Others may quibble, saying that the data is suspect because we only asked about children under 18. But I really think this predictor is a lot like certain other conventional predictors, the ones related to frequency and consistency of giving: Alone, they are not powerful enough to isolate your best PG prospects. Only when you combine them with the full universe of other proven predictors in your database (event attendance, marital status, etc.) will you end up with something truly useful.

1 February 2010

Surveys and missing data

Filed under: Model building, Pitfalls, Surveying — Tags: , , , , — kevinmacdonell @ 9:24 pm

Survey data is valuable for predicting mass behaviours. Inevitably, though, some pieces will be missing. (Photo by Photo Monkey, used by Creative Commons license. Click photo for more.)

In a previous post I talked about the great predictive power of survey responses. Today I’ll explain what to do about one of the roadblocks you’ll encounter – missing data.
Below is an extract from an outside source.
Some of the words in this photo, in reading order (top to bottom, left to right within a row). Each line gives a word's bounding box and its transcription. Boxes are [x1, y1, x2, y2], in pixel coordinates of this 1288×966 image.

The problem of missing data is a big issue in statistics, and a number of techniques are available for dealing with it. The ideas I offer here may or may not meet the high standards of a statistician, but they do offer some more or less reasonable solutions.
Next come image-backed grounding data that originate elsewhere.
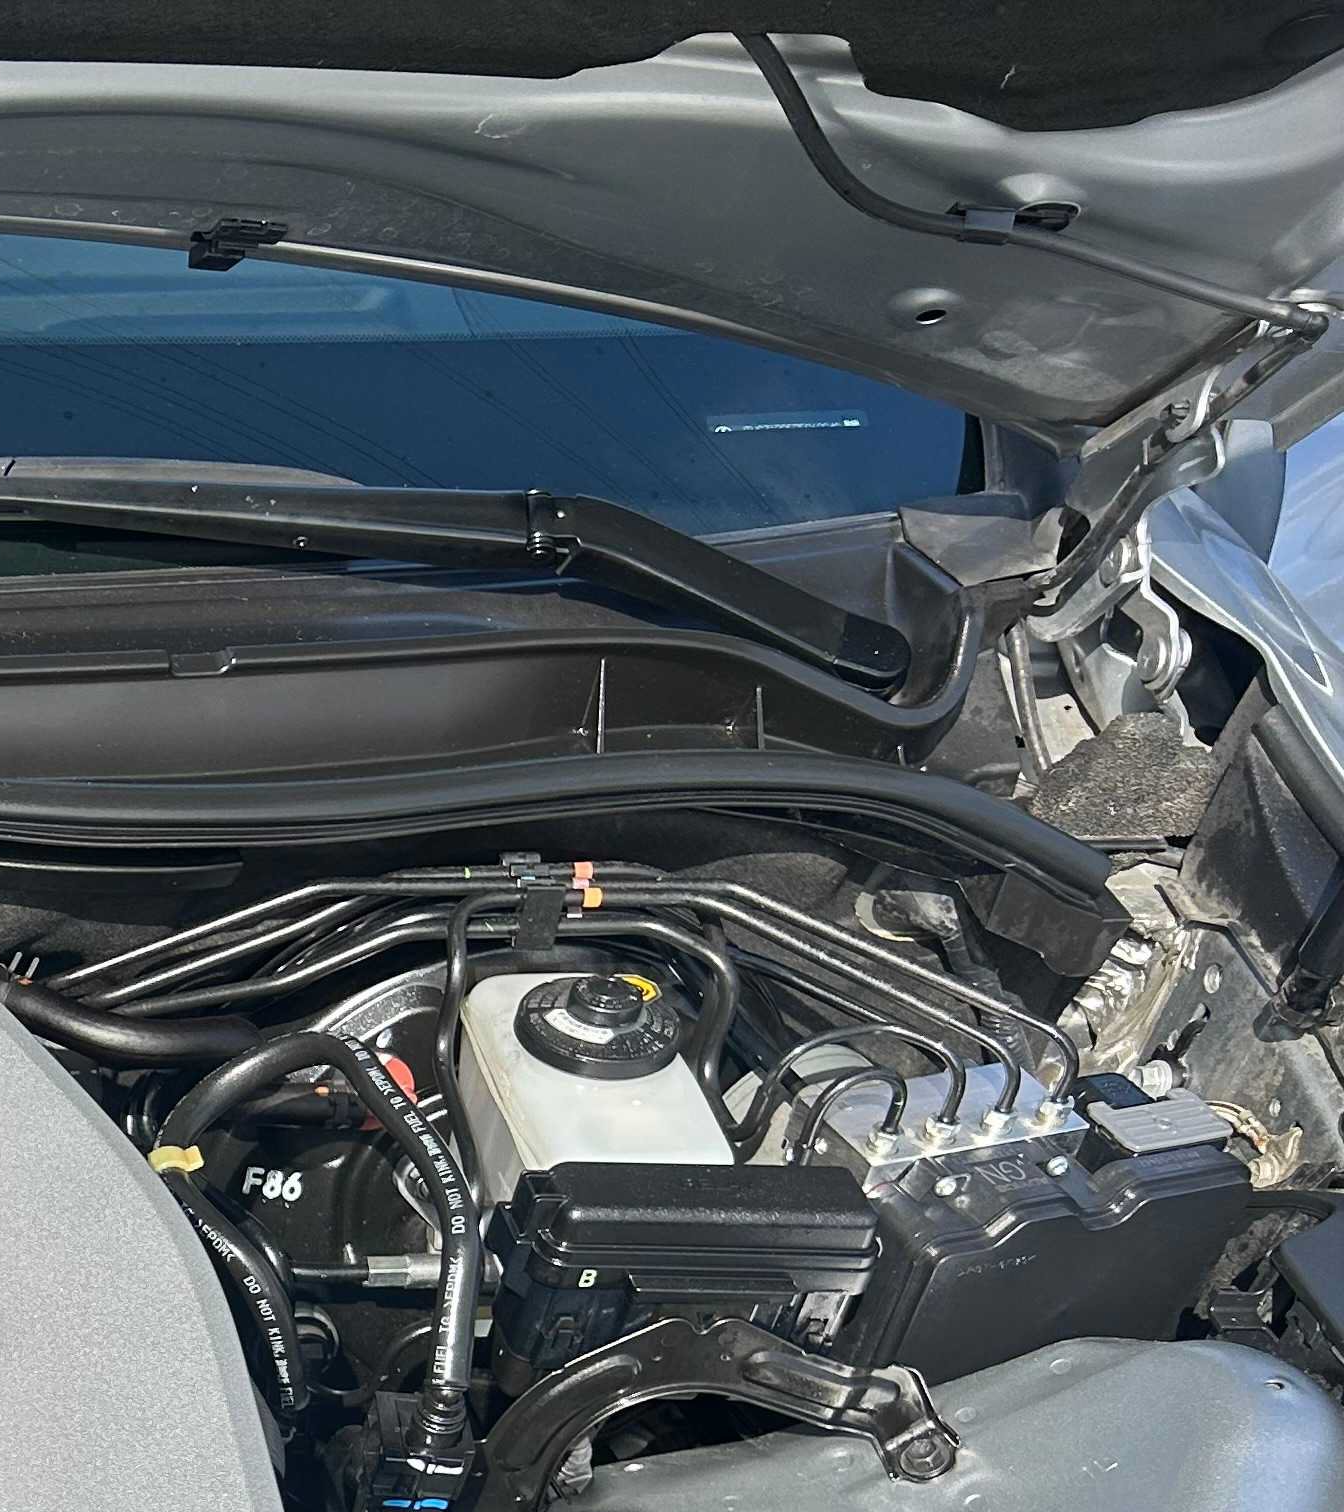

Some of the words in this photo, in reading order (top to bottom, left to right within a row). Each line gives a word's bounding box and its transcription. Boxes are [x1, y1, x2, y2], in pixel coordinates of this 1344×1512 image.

[389, 1096, 407, 1110] TO
[403, 1110, 427, 1135] FUEL
[242, 1166, 303, 1202] F86
[446, 1188, 464, 1210] NOT
[451, 1215, 466, 1235] DO
[578, 1269, 597, 1288] B
[243, 1275, 262, 1295] DO
[256, 1298, 276, 1323] NOT
Let’s say you’re interested in creating only one variable from the survey, an indicator variable which records whether a person participated or not. The mere presence or absence of this data point will probably be predictive. You could code all responders as ‘1’, and everyone else as ‘0’. This would work well if a large portion of your sample received an invite.

Alternately, you could code responders as ‘1’, non-responders as ‘-1’, and put the “uninvited,” everyone who didn’t receive an invitation, into the neutral middle zone by giving them a zero. To avoid negative numbers, just add one to each of these values; it may seem strange to reward the uninvited a ‘1’, but what you’re trying to do here is see if they differ from the people who actually had a chance to participate and chose not to: An action taken, in a negative direction.
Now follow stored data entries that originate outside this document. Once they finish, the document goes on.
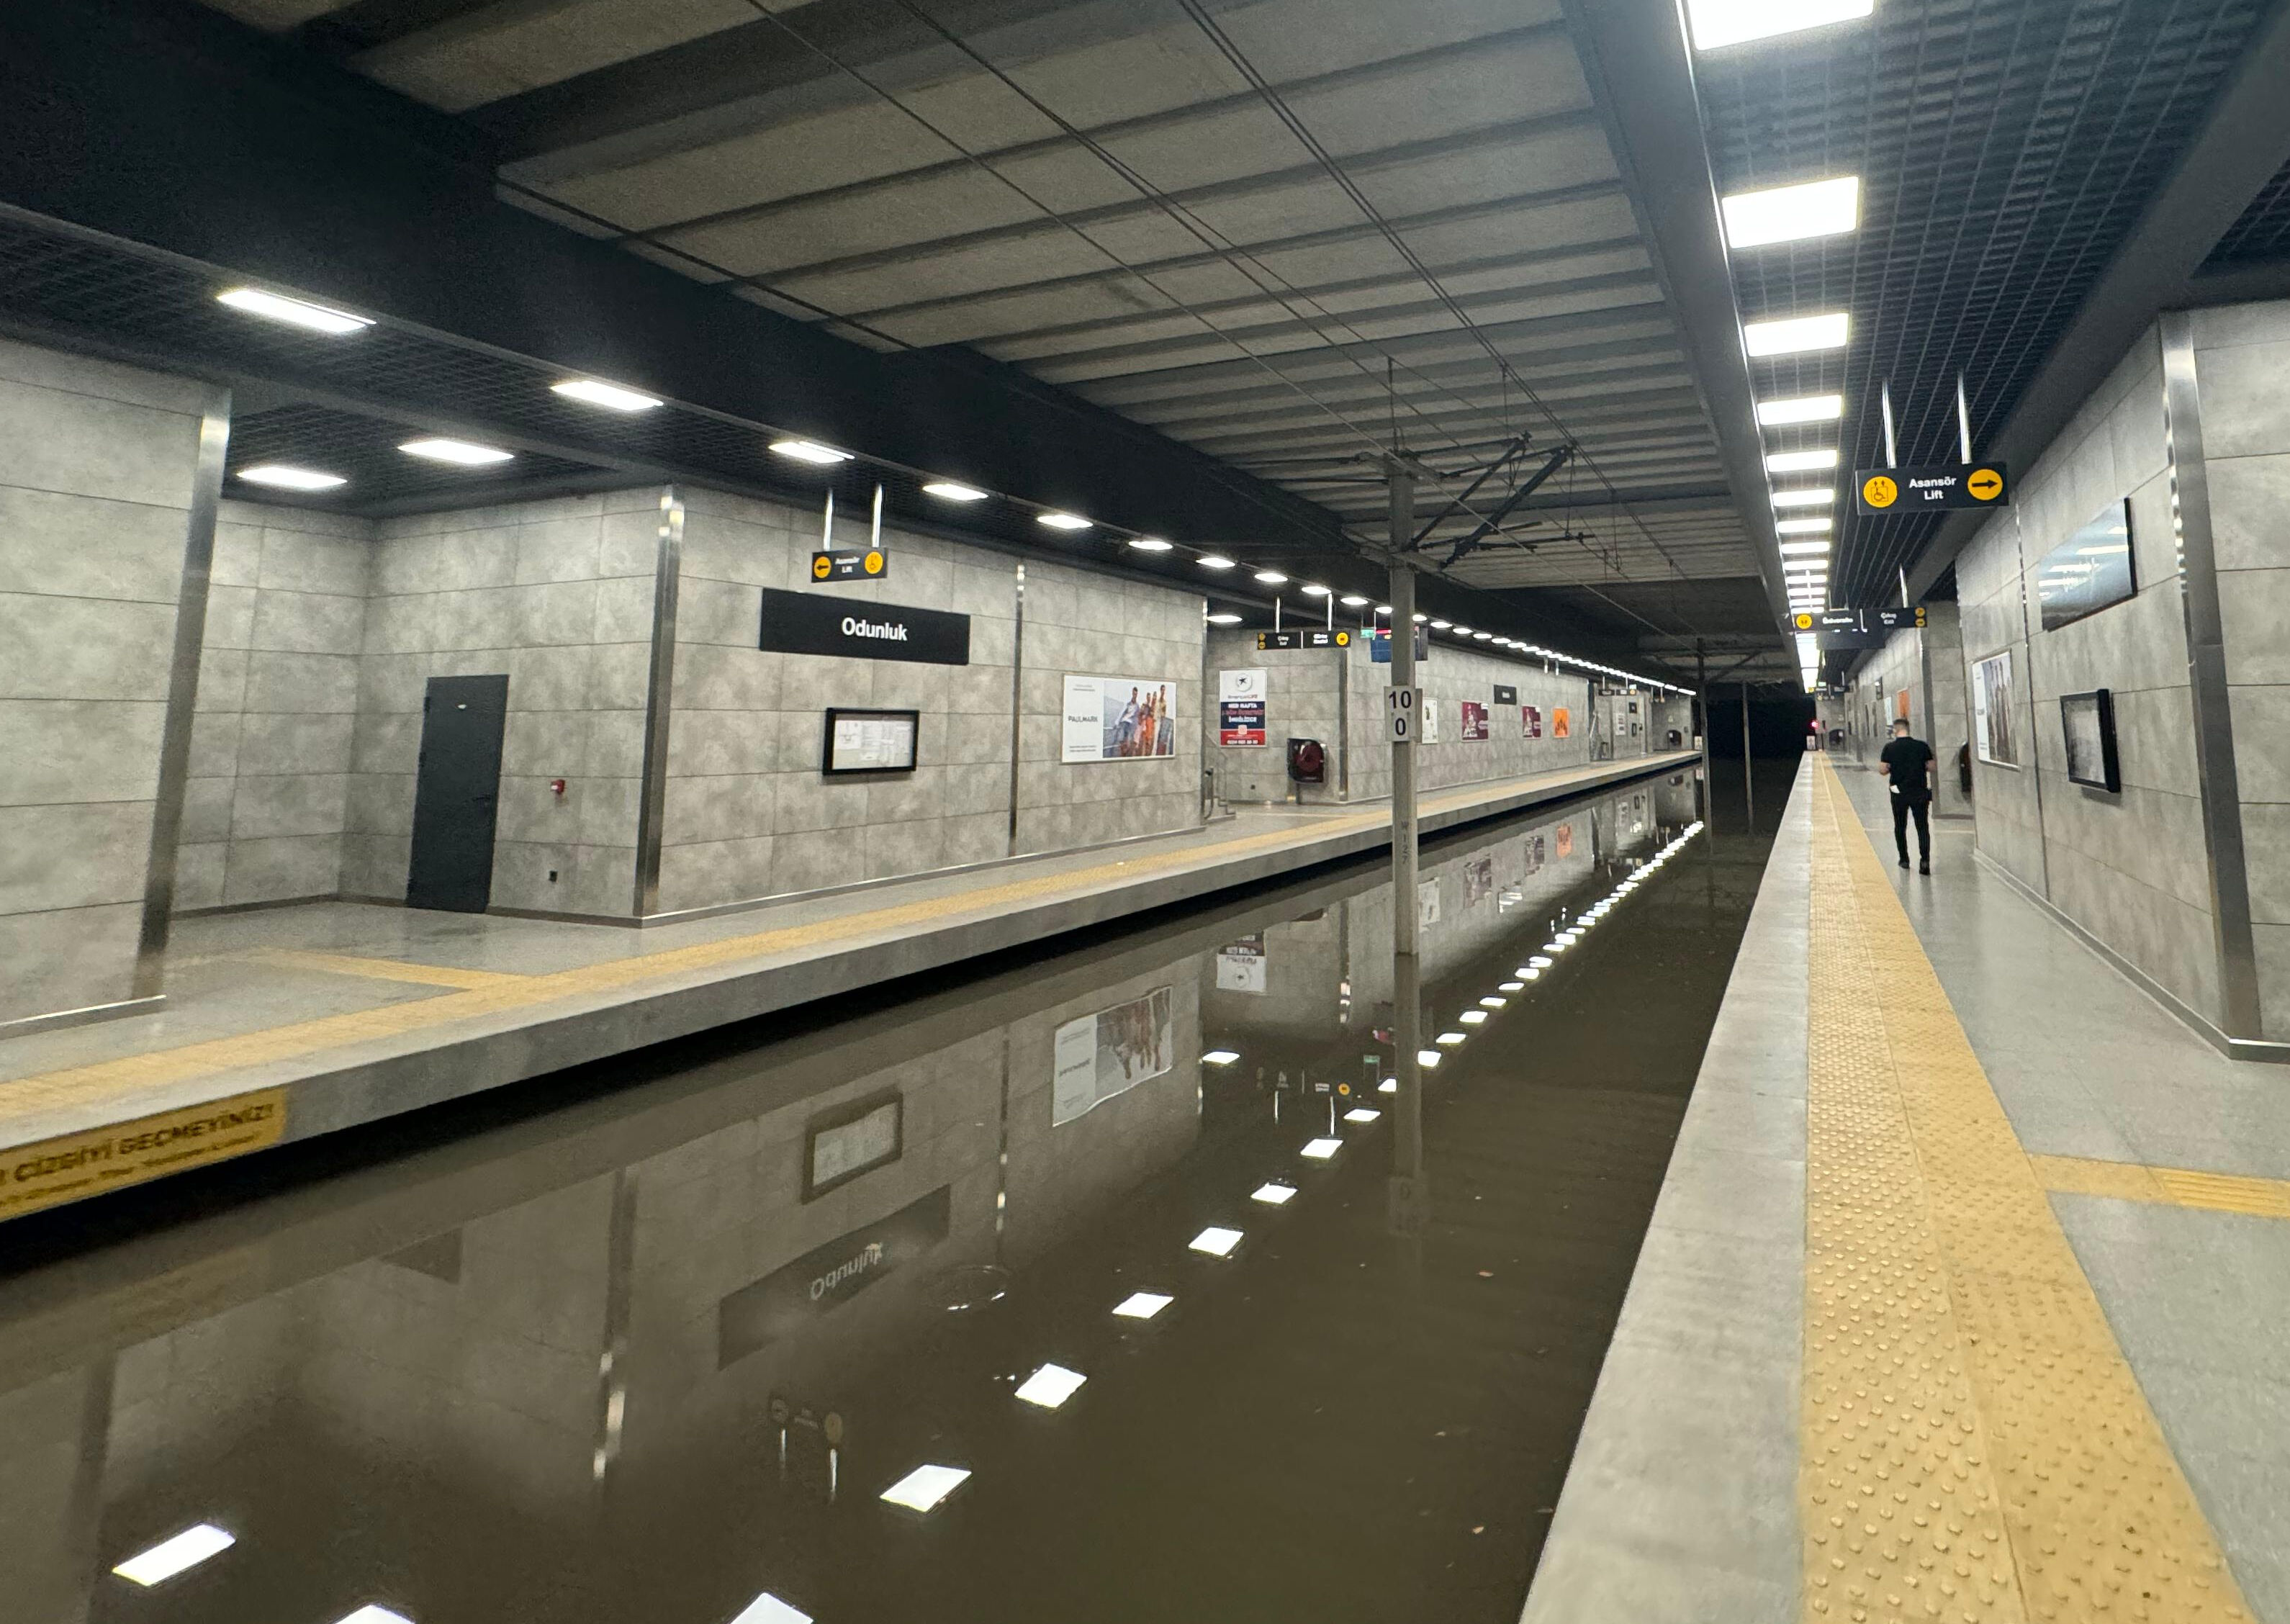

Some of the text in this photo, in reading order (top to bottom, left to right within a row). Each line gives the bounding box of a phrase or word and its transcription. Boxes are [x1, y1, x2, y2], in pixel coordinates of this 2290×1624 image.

[1909, 477, 1957, 488] Asansör
[1924, 490, 1944, 500] Lift
[841, 617, 908, 641] Odunluk
[1389, 690, 1412, 709] 10
[1395, 717, 1407, 736] 0
Use only one or the other of these two variables, whichever one ‘works’. Test both against mean and median lifetime giving (or whatever your dependent variable is). If the three-level variable shows a nice linear relationship with your DV – with low giving for the non-responders, higher giving for the uninvited, and highest giving for the responders – then use that variable in your regression.

Statistically sound? Perhaps not. But if the alternative is tossing out a potentially valuable predictor, I don’t see the harm.

That covers missing data for the simple fact of participation / non-participation in a survey. You can go much deeper than that. A typical survey of alumni will yield many potential predictor variables. If your survey is getting at attitudes about your institution, or about giving or volunteering, or attending events, responses to individual questions can be powerfully predictive. Again, if you’re using regression, all you need to do is find a logical way to re-express the response as a number.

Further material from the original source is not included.